A cocktail of new anti-blood clot drug Prasugrel and aspirin reduces the risk of stent-related clots more than the standard treatment, according to a clinical trial review presented Saturday.

Prasugrel cut the risk of platelet formation around where a stent -- a small metal device -- was inserted to keep an artery open, by an average of 58 percent compared to Copidogrel (Plavix), according to analysis presented to the 57th annual American College of Cardiology conference in Chicago.

Researchers found that, during clinical trials, the anti-blood clot drug developed by US firm Elli Lilly and Japan's Daiichi Sankyo lab offered greater protection against the risk of stroke and death than Plavix, the standard treatment from American lab Bristol-Meyers Squibb and France's Sanofi.

The results of the study, which involved 12,844 patients, are published in the online edition of Britain's The Lancet medical journal.
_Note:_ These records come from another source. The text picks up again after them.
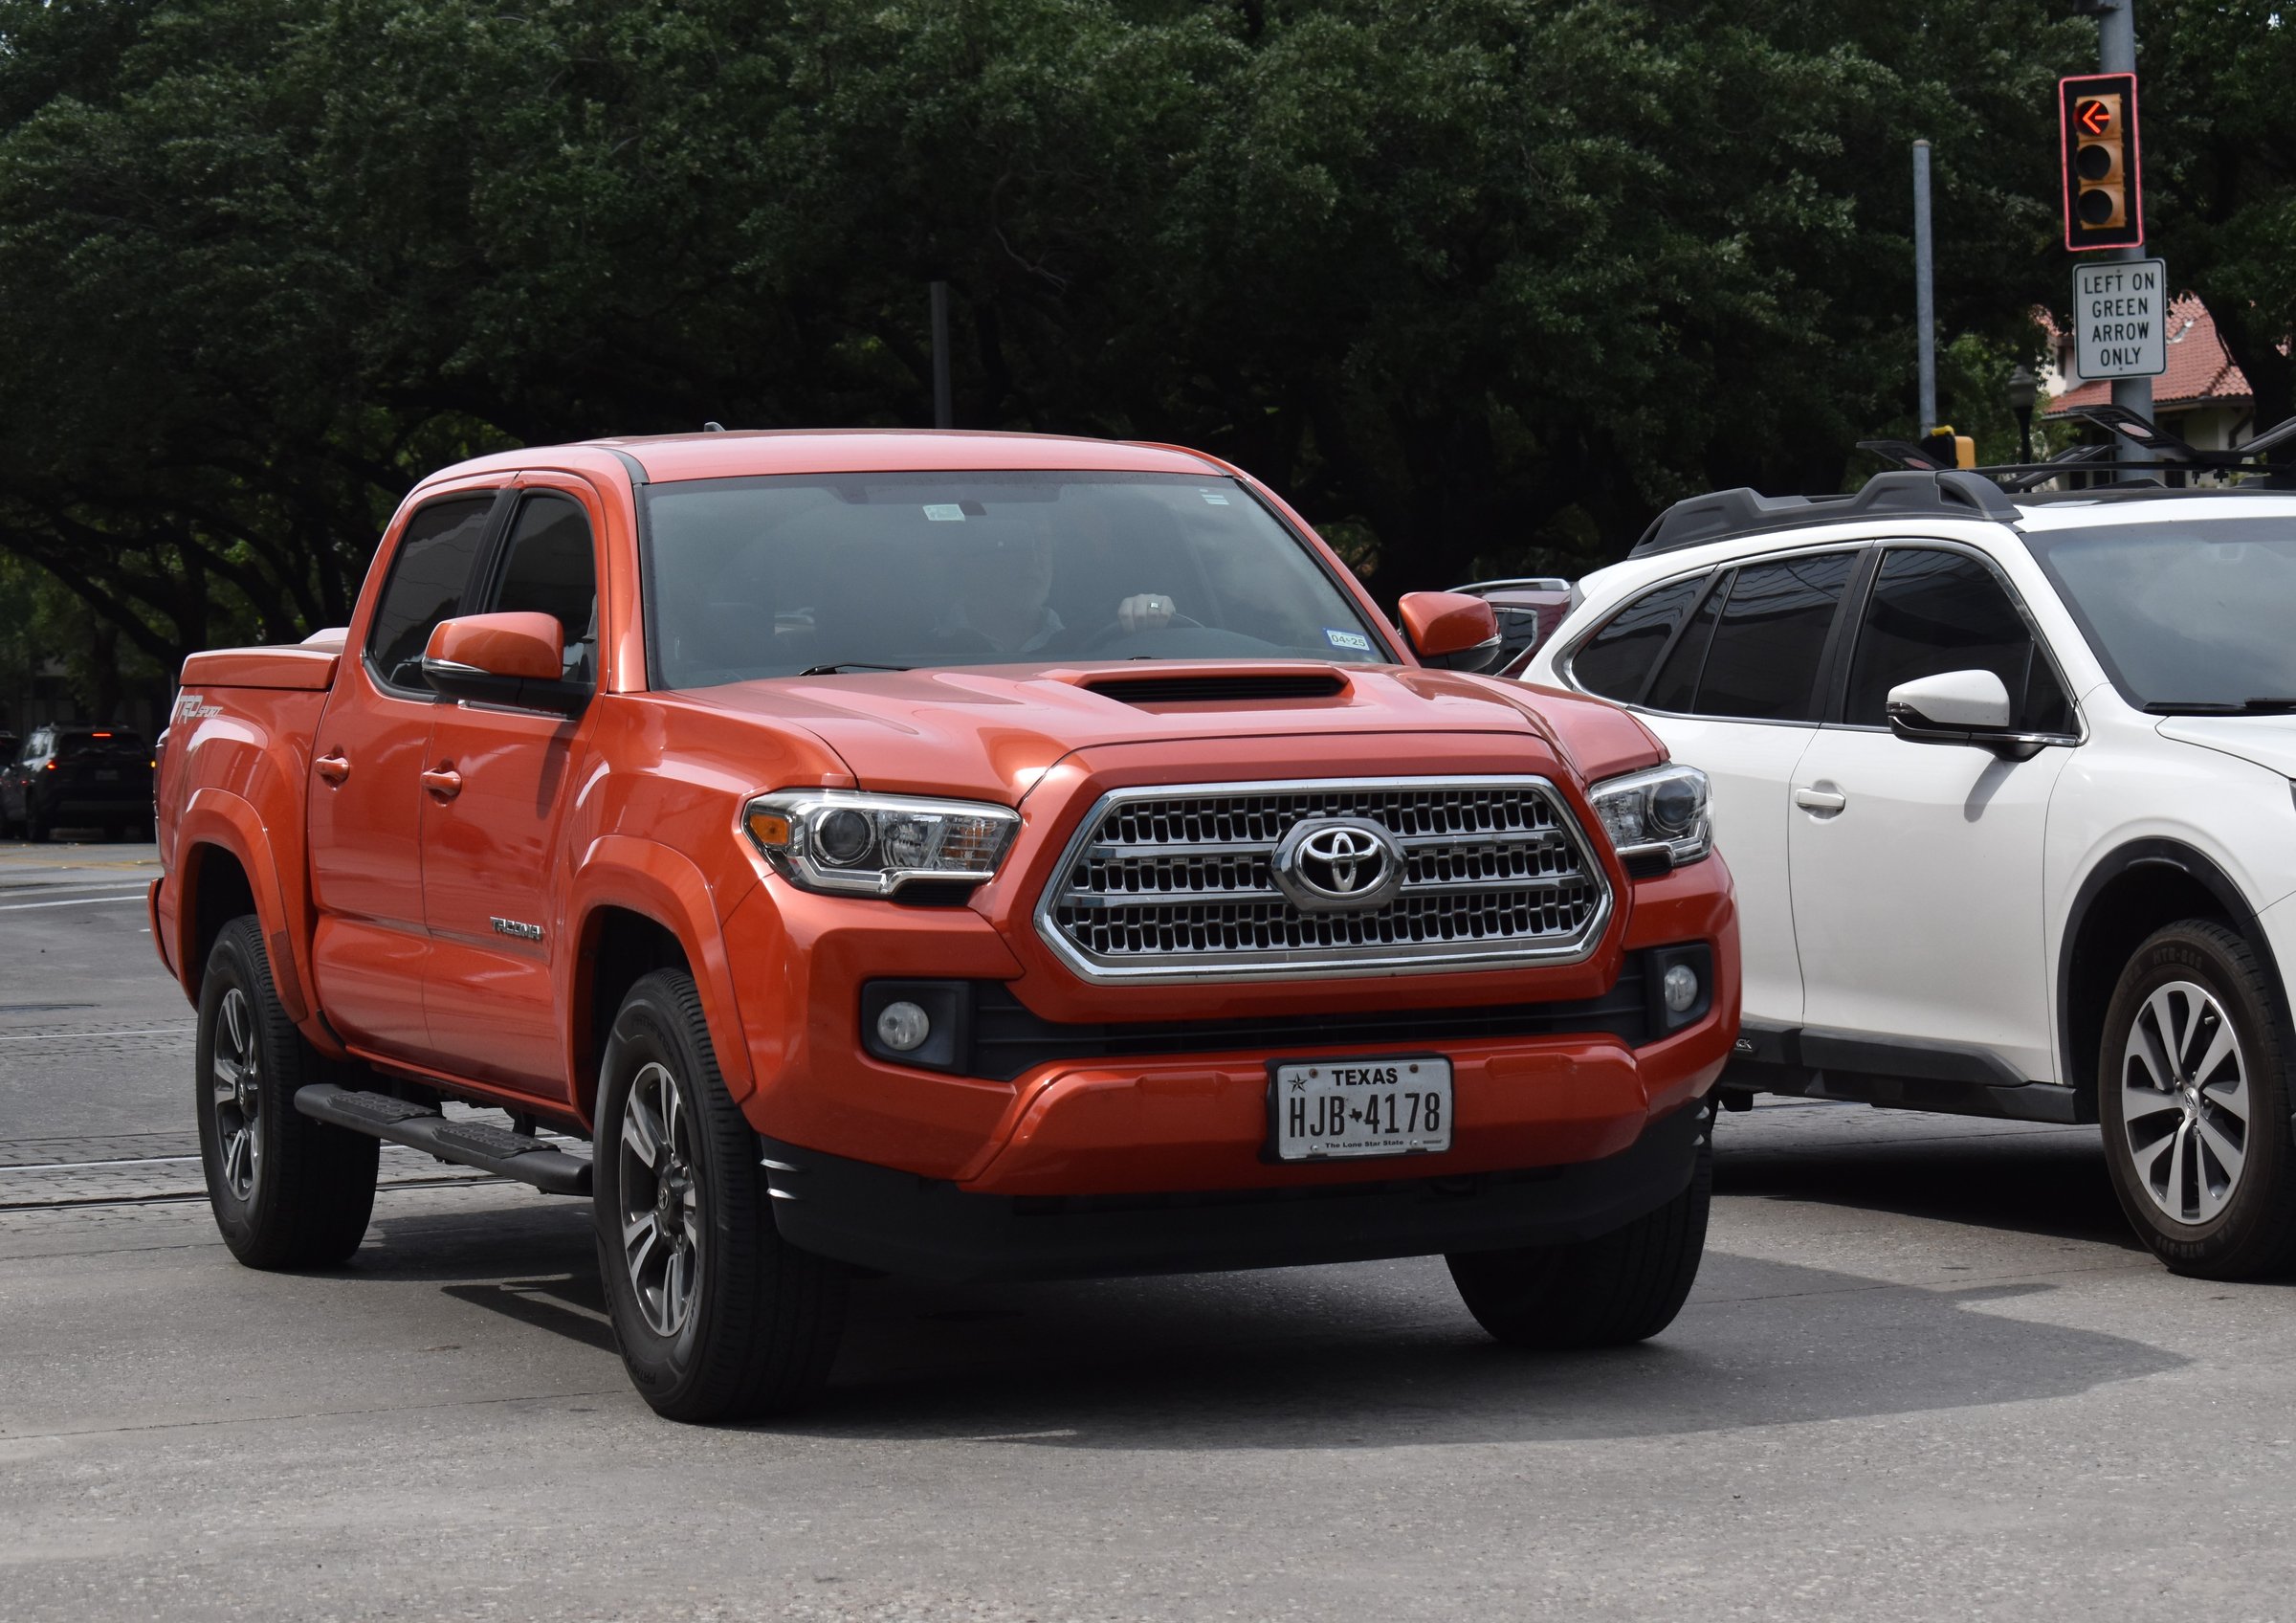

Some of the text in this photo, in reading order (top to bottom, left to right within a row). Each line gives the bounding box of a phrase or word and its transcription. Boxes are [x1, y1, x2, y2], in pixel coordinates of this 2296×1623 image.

[2085, 272, 2154, 295] LEFT ON
[2092, 298, 2148, 318] GREEN
[2092, 322, 2150, 343] ARROW
[2100, 346, 2141, 367] ONLY
[490, 916, 542, 941] TACOMA
[1331, 1067, 1398, 1086] TEXAS
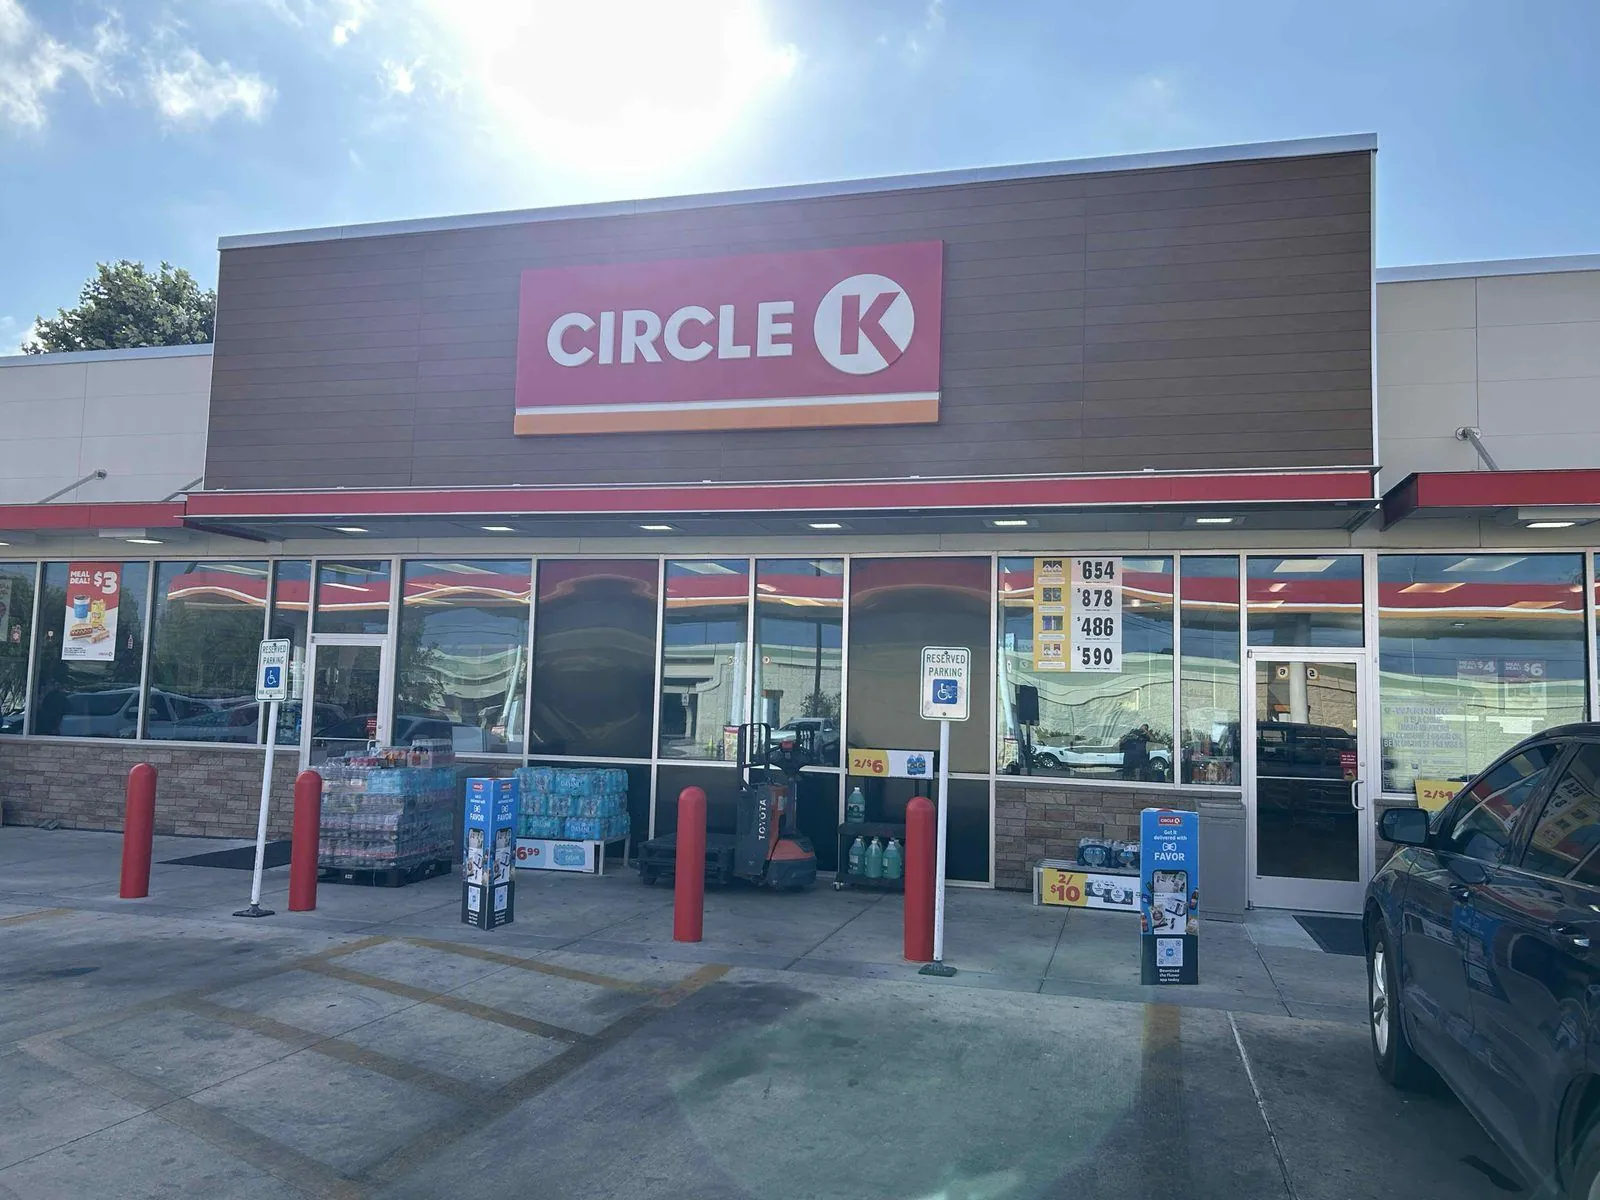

"Stent thrombosis was reduced both early (30 days) and late (450 days) after stent placement in patients randomly assigned Prasugrel," said lead author Dr Stephen Wiviott, of Brigham and Women's Hospital and Harvard Medical School.

The patients involved in the trial had different types of heart stents, drug-coated or otherwise. Around half were treated with a combination of Prasugrel and aspirin, and the others with Plavix and aspirin.

Results of the trial, named TRITON-TIMI 38, were released last November and showed that Prasugrel was 19 percent more effective than Plavix in cutting the risk of strokes or heart attacks, although it provoked increased incidents of serious bleeding.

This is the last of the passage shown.